WOBURN – Clutching a jacket like a security blanket and pressing his forehead against a table, special needs student John Odgren was sentenced today to mandatory life imprisonment without parole for killing fellow student James F. Alenson inside Lincoln-Sudbury Regional High School on Jan. 19, 2007.
Middlesex Superior Court Judge S. Jane Haggerty imposed the mandatory sentence after Alenson's family – his parents and two younger siblings – chose to express themselves in written statements, rather than reading victim impact statements in open court. The court clerk and the Middlesex district attorney's office said the statements would not be made public, at least partly at the request of the family.
Before sentencing him, Haggerty rejected defense attorney Jonathan Shapiro's request that she immediately declare unconstitutional the state's youthful offender law, which mandates that when juveniles over 14 are convicted of first-degree murder, they must be given the adult sentence of life with no parole.
Odgren was 16 years old when he killed Alenson. He is now 19.
"We think it's barbaric and uncivilized," said Shapiro during the brief proceeding, which lasted only about 15 minutes.

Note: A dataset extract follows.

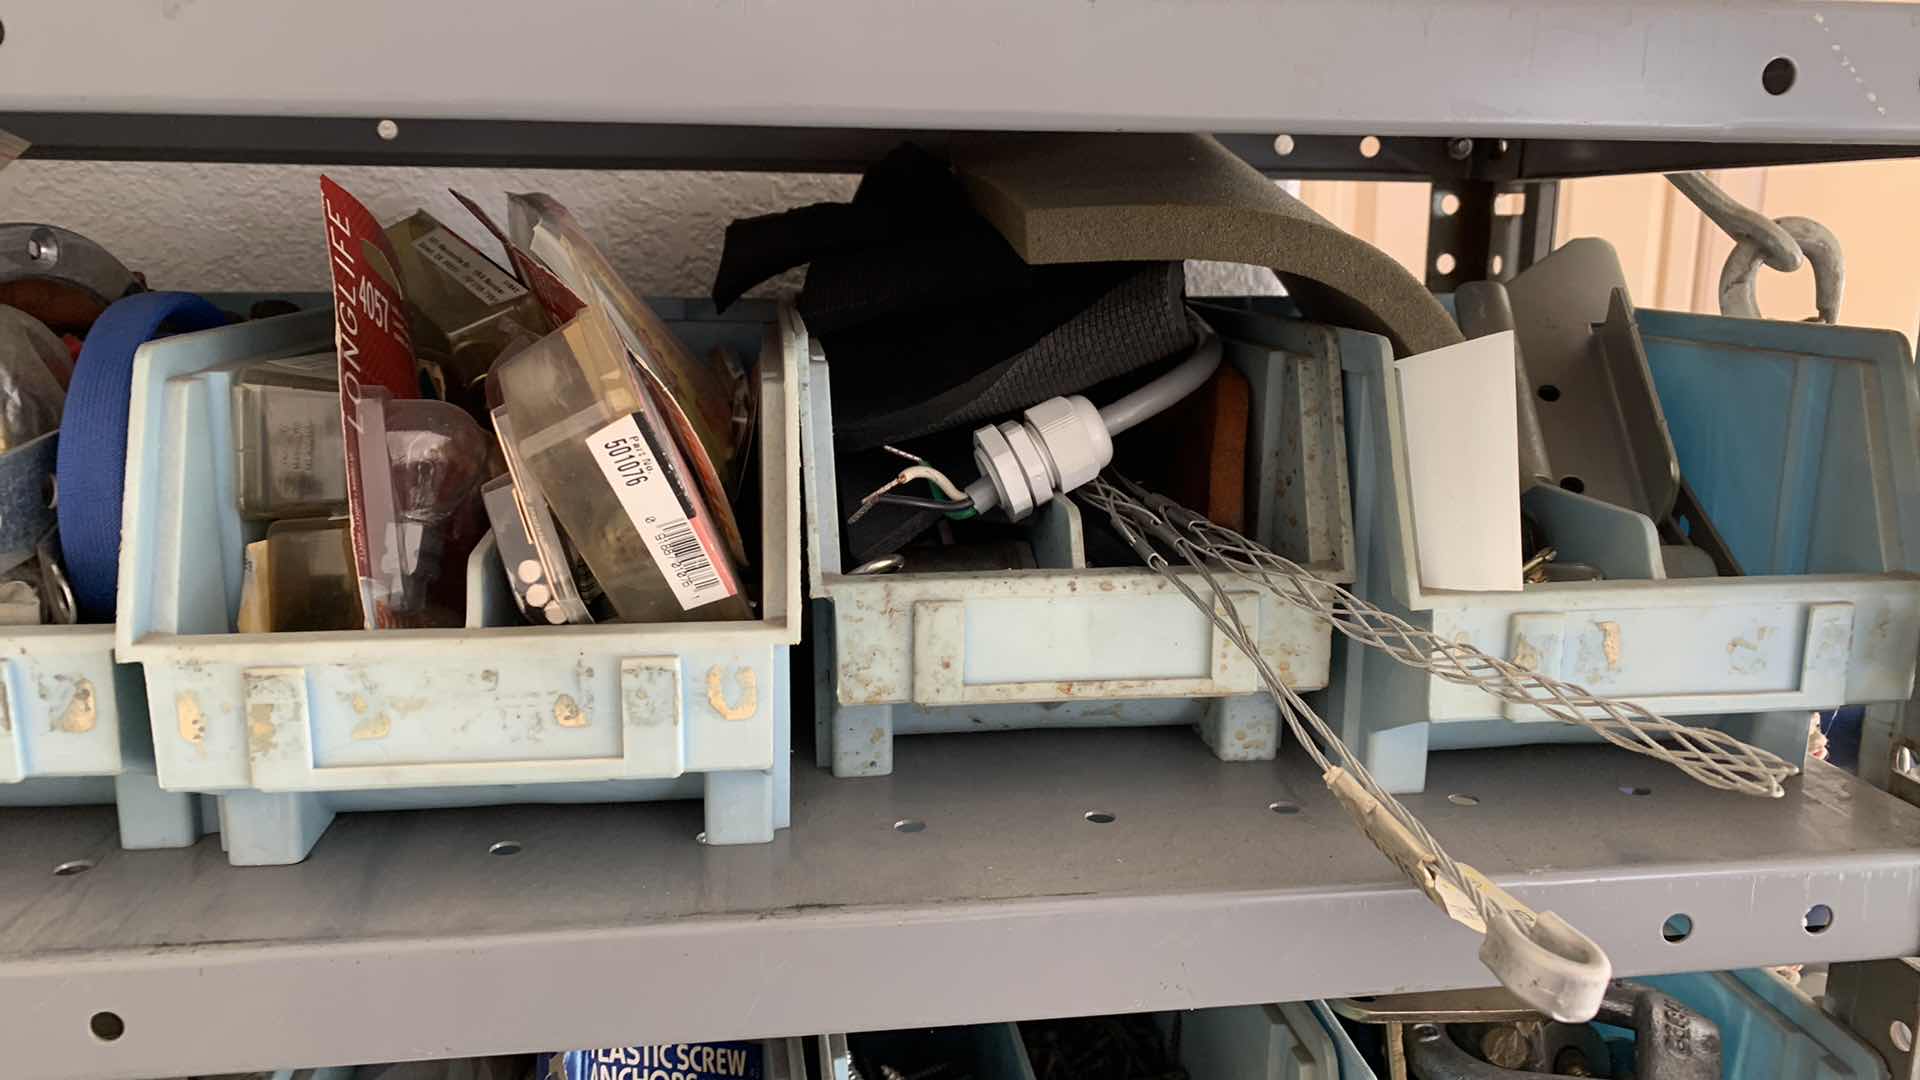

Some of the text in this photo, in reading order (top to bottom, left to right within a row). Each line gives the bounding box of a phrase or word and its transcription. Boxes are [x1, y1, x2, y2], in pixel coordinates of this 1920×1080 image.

Shapiro, who filed a written motion asking that Haggerty hold a hearing on the issue, said the punishment violates the "cruel and unusual punishment" provision of the Eighth Amendment of the US Constitution, as well as Article 26 of the Massachusetts Declaration of Rights, the state's Constitution.
Shapiro said that minors convicted of first-degree murder should have a right to be paroled. The defense motion can be found here.
Haggerty said she would review the motion.
Shapiro said the law is inhumane and that he plans to argue that the brain of a 16-year-old is far too plastic and evolving to deserve a life sentence. Shapiro said that as far as he knows, the constitutionality of the law has never been tested in the Massachusetts courts.
When asked later about Shapiro's criticism of the law, Middlesex District Attorney Gerard Leone Jr. said the issue "is not my focus right now."
He said he is pleased the jury held Odgren accountable for his crimes, though he would be "open to being part of the discussion" if state authorities want to revisit the fairness of the law affecting first-degree murder convicts who are juveniles.
The jury deliberated for 12 hours over three days, arriving at the verdict shortly after 2 p.m. Thursday. The defense had asked them to find Odgren not guilty by reason of insanity, but Assistant District Attorney Daniel Bennett had argued Odgren planned the "perfect murder" and carried it out when he killed Alenson.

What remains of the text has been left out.